# EXERCISE
Below is a set of records; reproduce them exactly without their pictures.

(Free-text object descriptions)
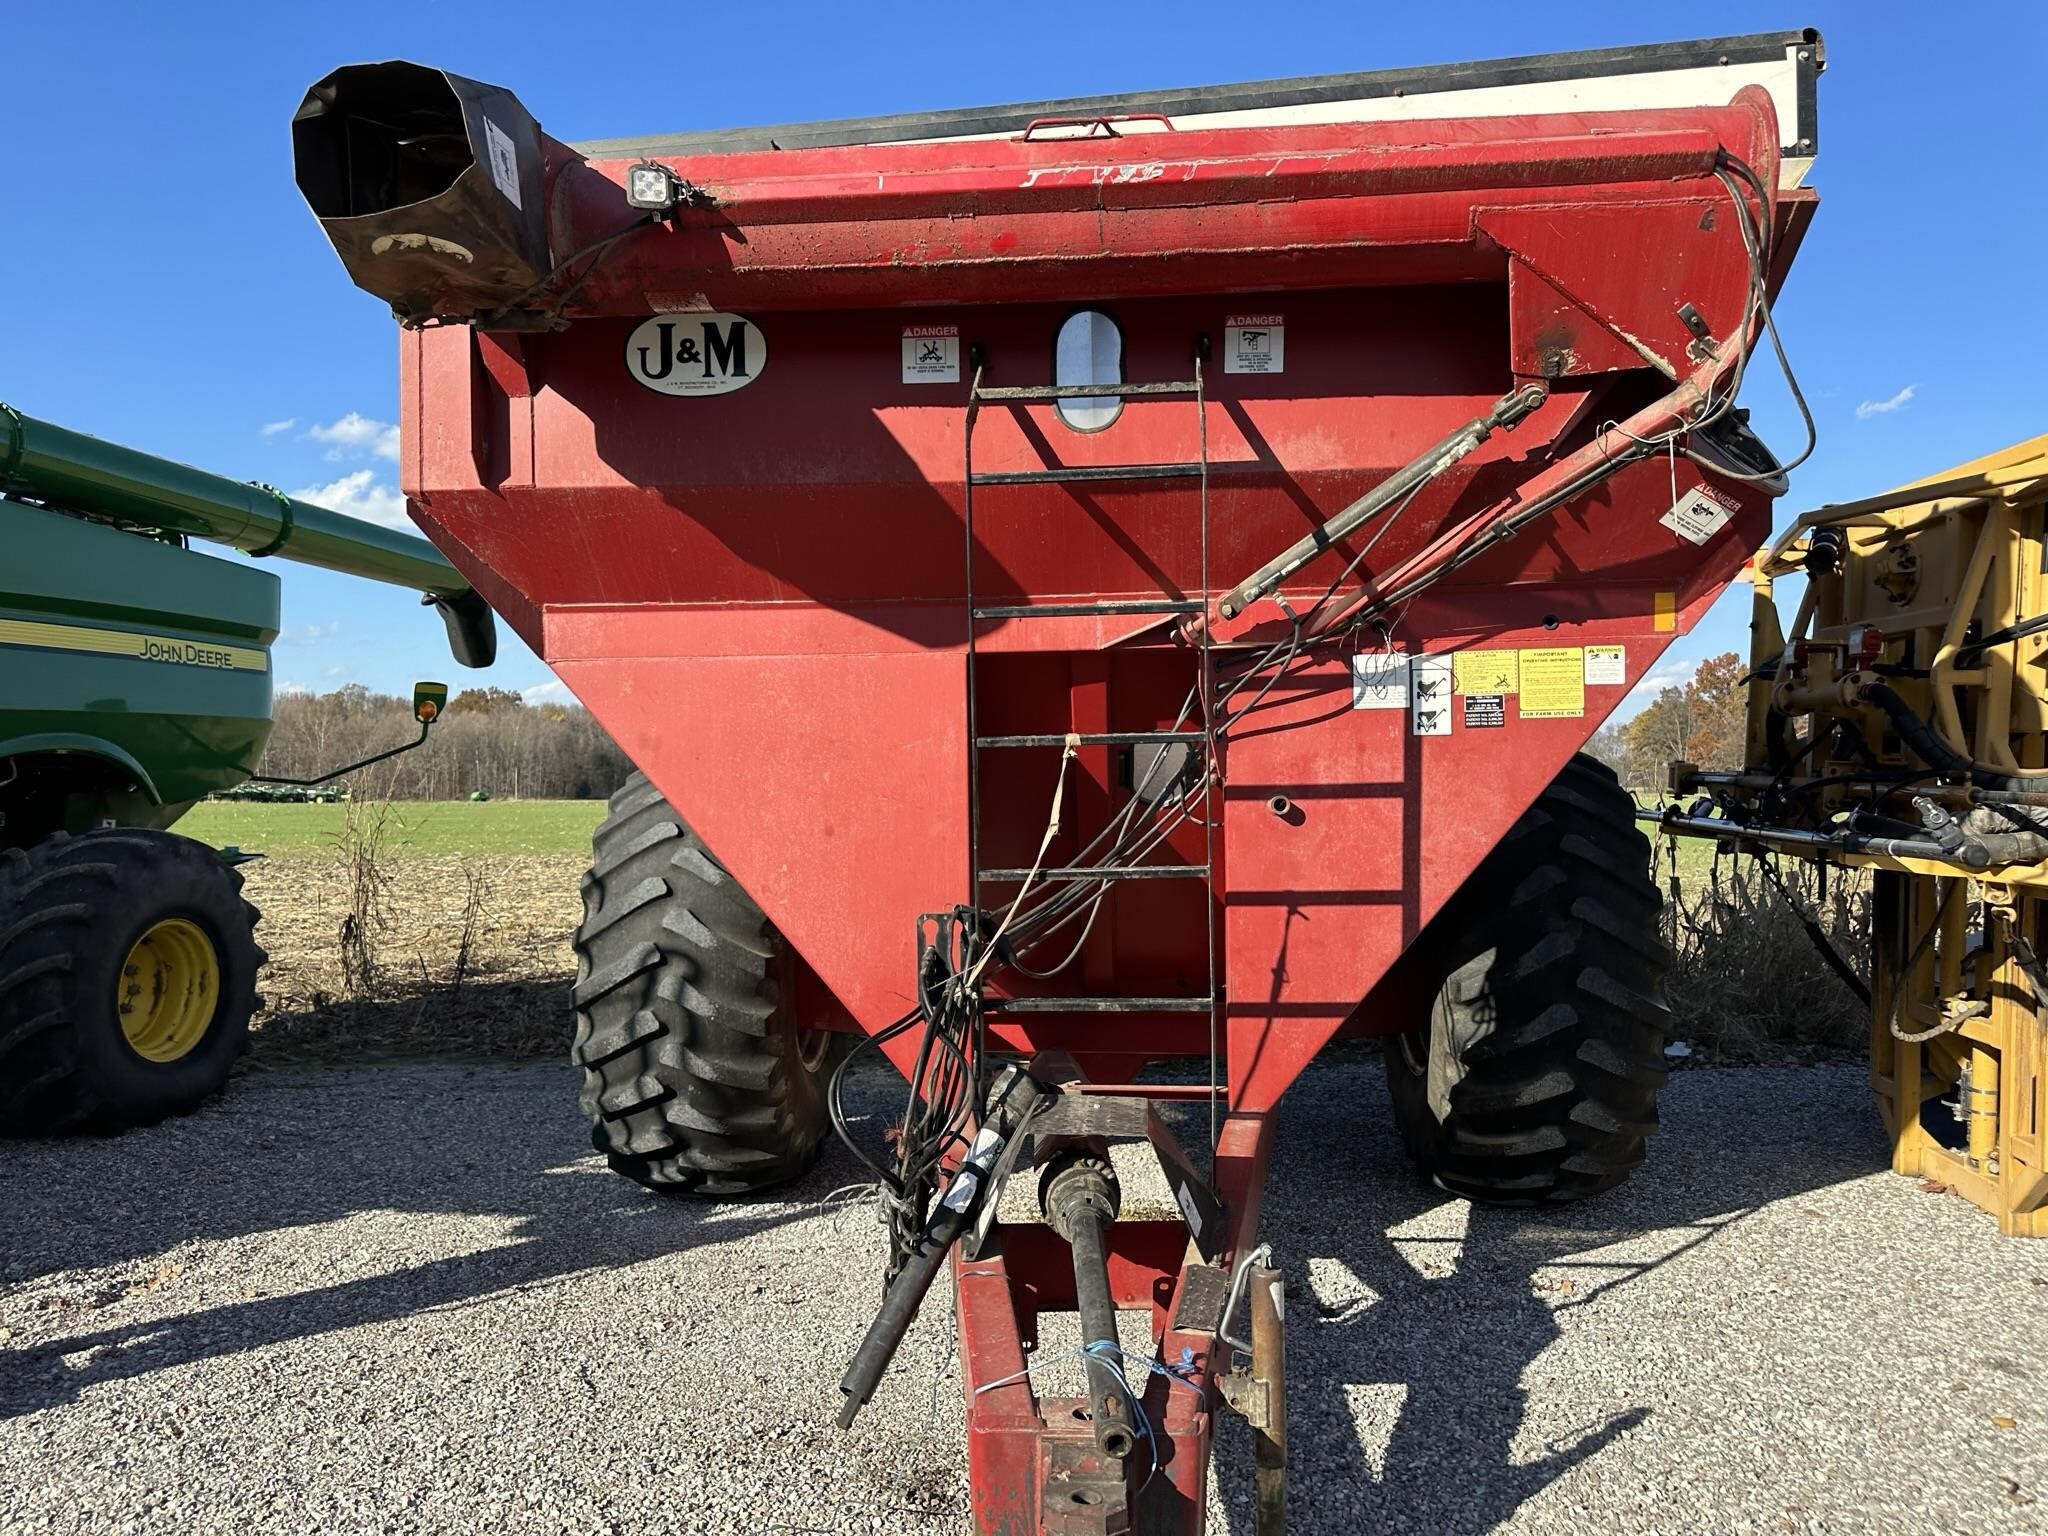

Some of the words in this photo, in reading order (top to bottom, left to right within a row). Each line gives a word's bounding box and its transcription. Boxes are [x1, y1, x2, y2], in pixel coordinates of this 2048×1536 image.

[913, 327, 958, 336] DANGER
[1237, 316, 1282, 326] DANGER
[637, 321, 749, 379] J&M
[1704, 485, 1741, 511] DANGER
[140, 638, 182, 660] JOHN
[185, 645, 233, 667] DEERE
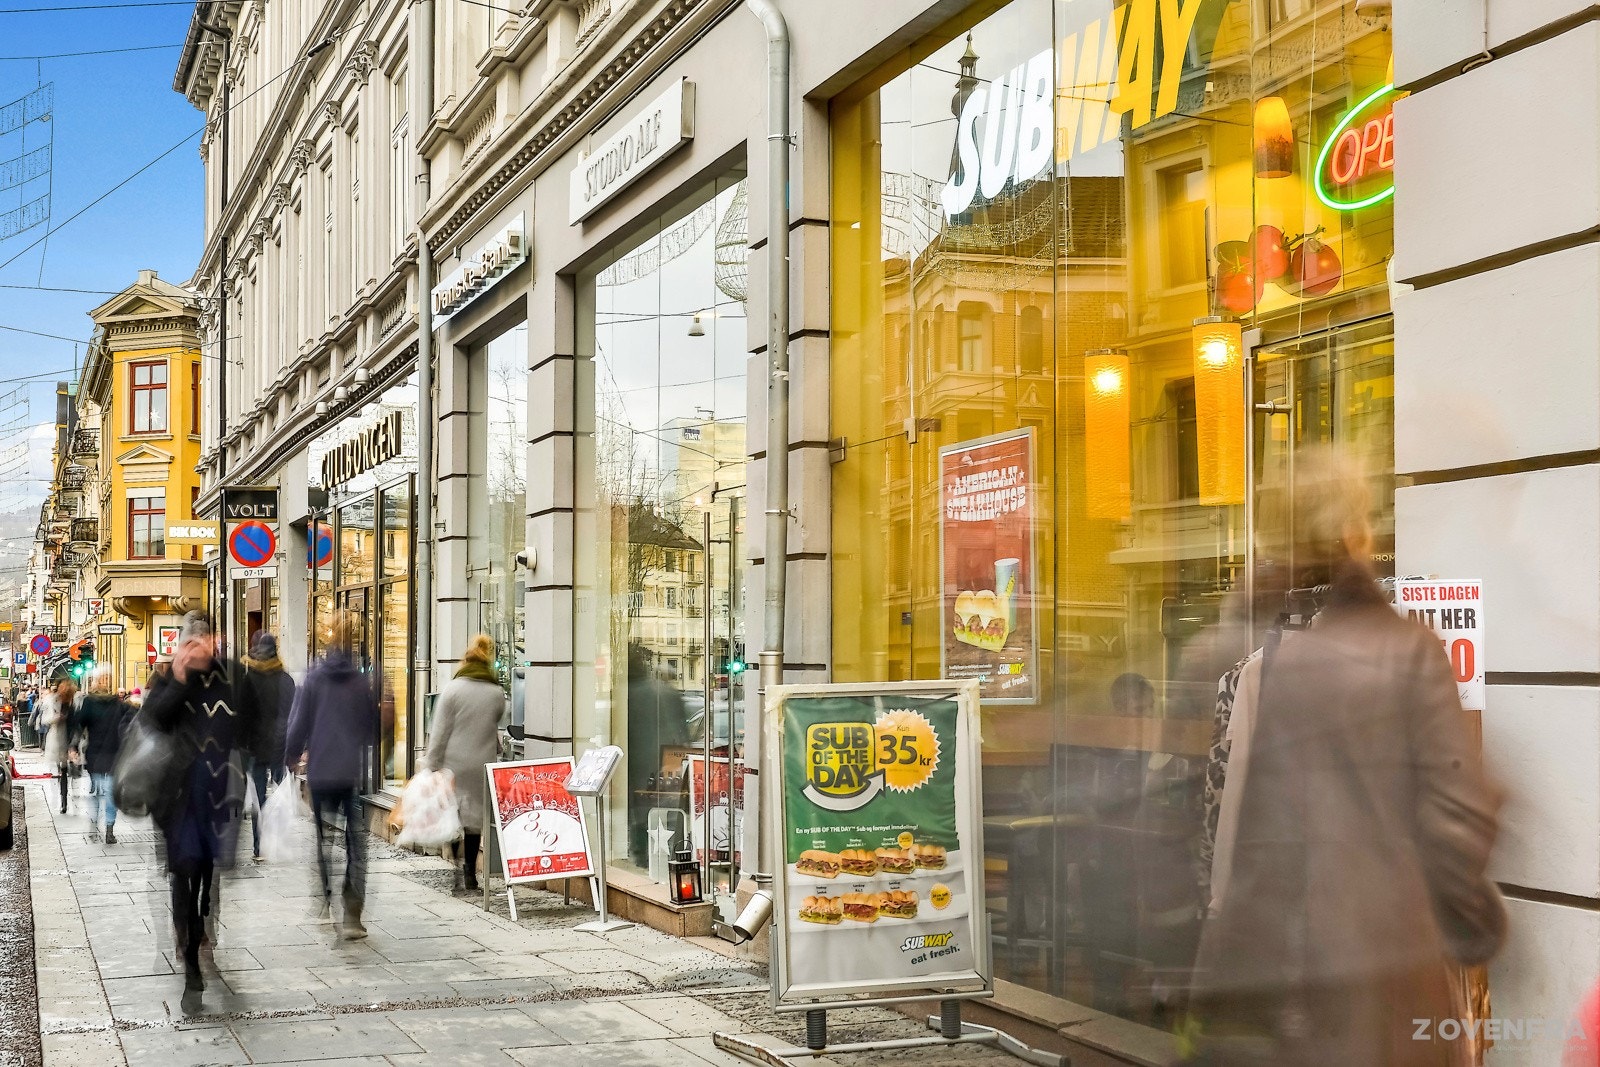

# EXERCISE ANSWER
Some of the words in this photo, in reading order (top to bottom, left to right within a row). Each line gives a word's bounding box and its transcription. Boxes are [x1, y1, x2, y2], in pixel coordinates of this 2048×1536 image.

[913, 327, 958, 336] DANGER
[1237, 316, 1282, 326] DANGER
[637, 321, 749, 379] J&M
[1704, 485, 1741, 511] DANGER
[140, 638, 182, 660] JOHN
[185, 645, 233, 667] DEERE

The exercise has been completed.